Free-text object descriptions
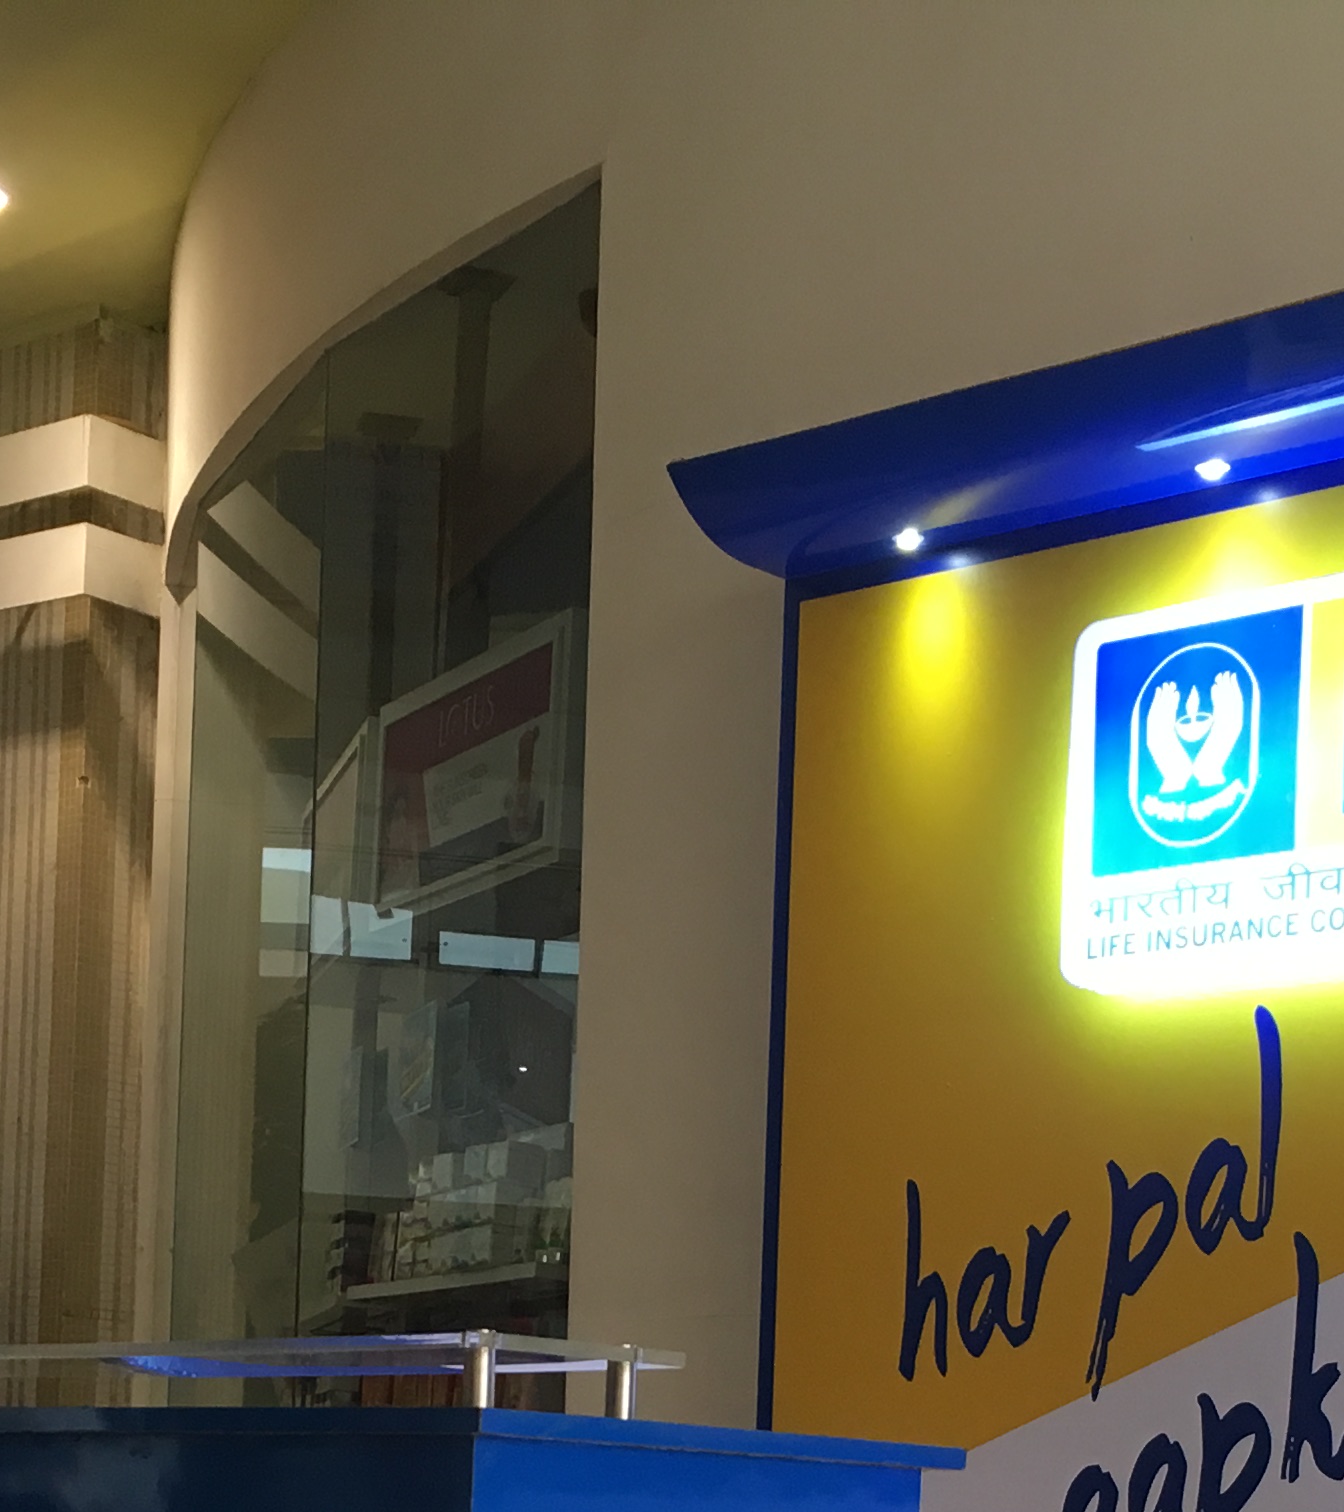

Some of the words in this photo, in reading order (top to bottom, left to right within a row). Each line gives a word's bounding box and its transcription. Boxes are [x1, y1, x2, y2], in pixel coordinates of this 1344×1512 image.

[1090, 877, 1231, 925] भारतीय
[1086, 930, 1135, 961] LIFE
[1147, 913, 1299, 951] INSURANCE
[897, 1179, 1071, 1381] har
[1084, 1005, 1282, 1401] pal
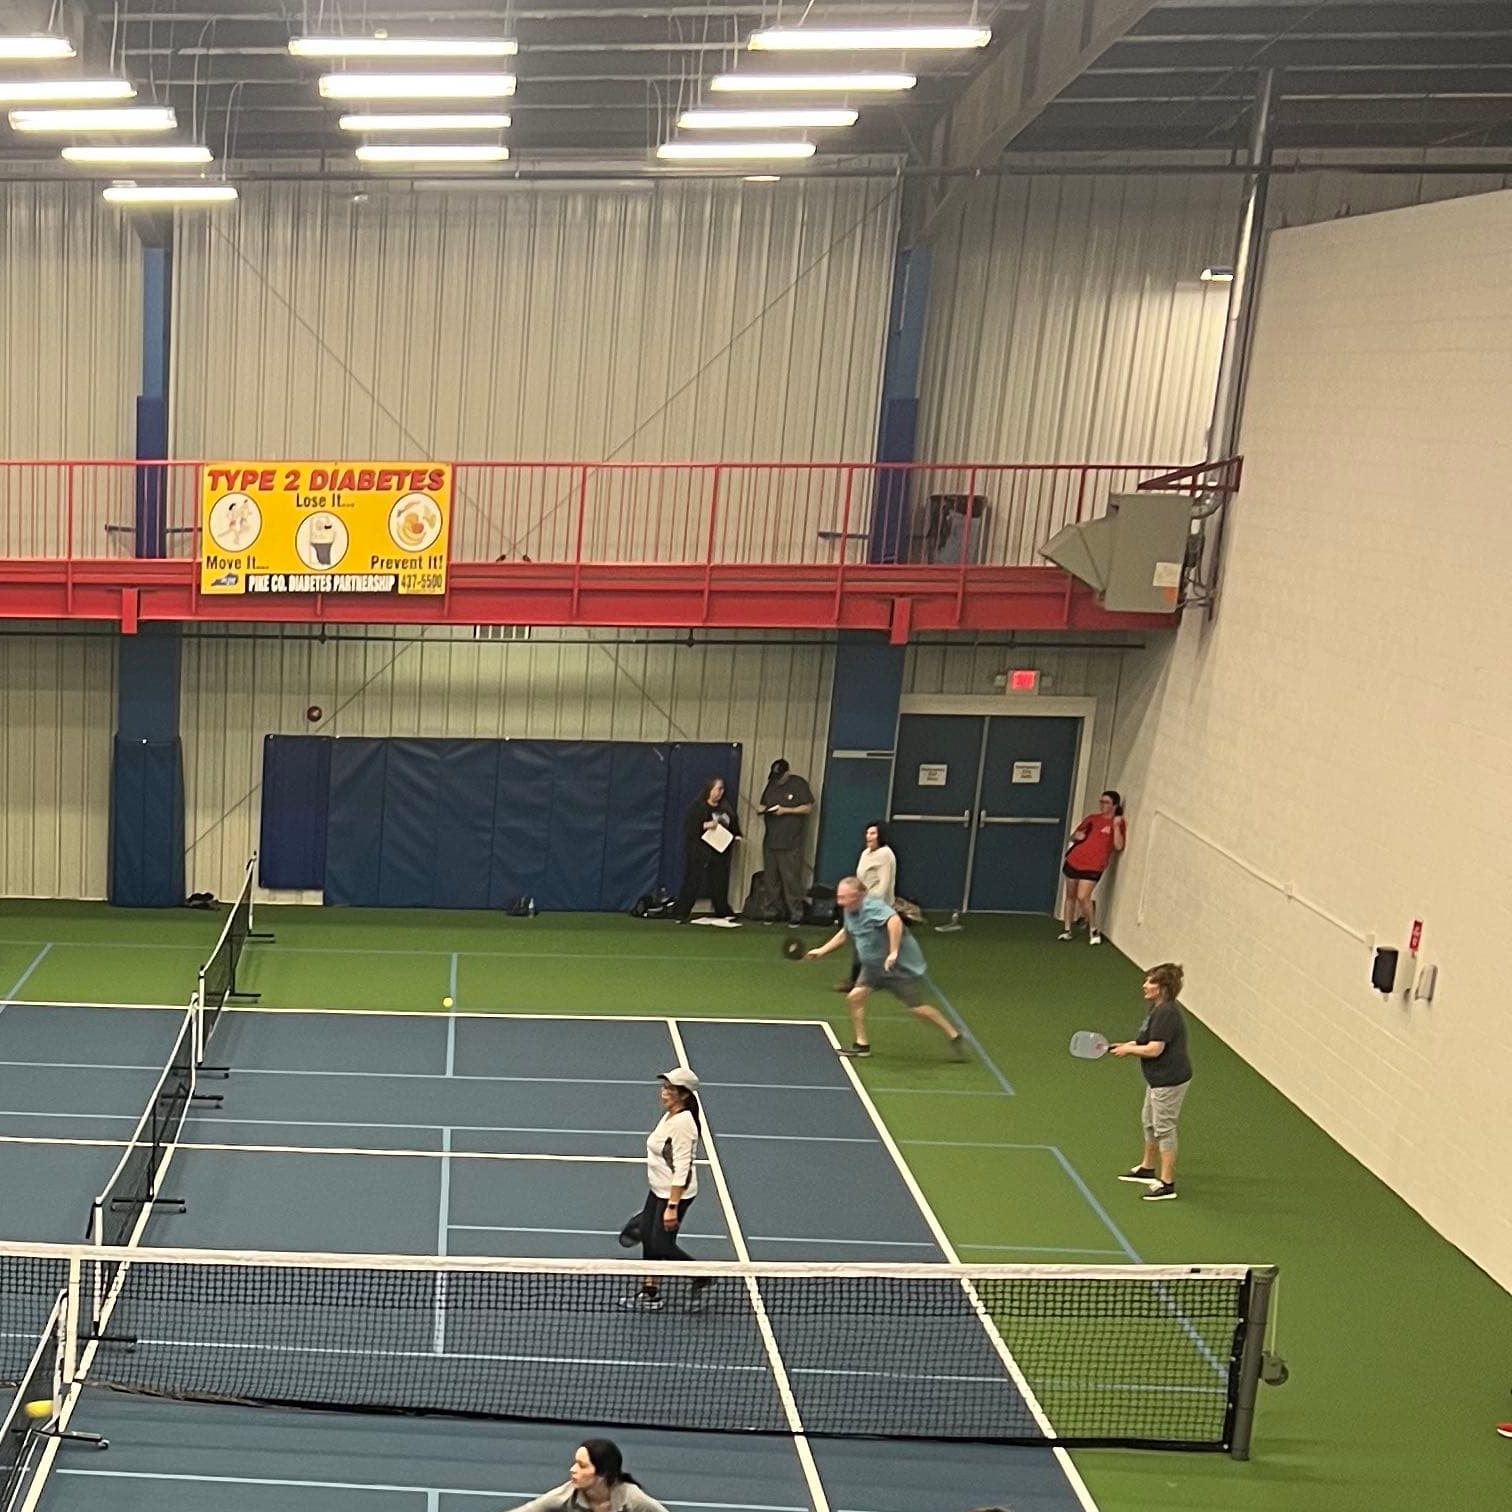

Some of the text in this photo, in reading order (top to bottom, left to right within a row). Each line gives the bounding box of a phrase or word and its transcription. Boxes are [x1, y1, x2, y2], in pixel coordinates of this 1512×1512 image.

Goal of the exercise:
Without any pictures, please reproduce the full set of entries.

Answer section:
Some of the words in this photo, in reading order (top to bottom, left to right within a row). Each line gives a word's bounding box and its transcription. Boxes are [x1, y1, x2, y2], in pixel coordinates of this 1344×1512 image.

[1090, 877, 1231, 925] भारतीय
[1086, 930, 1135, 961] LIFE
[1147, 913, 1299, 951] INSURANCE
[897, 1179, 1071, 1381] har
[1084, 1005, 1282, 1401] pal

Some of the text in this photo, in reading order (top to bottom, left to right within a row). Each line gives the bounding box of a phrase or word and its transcription. Boxes are [x1, y1, x2, y2], in pixel coordinates of this 1512×1512 image.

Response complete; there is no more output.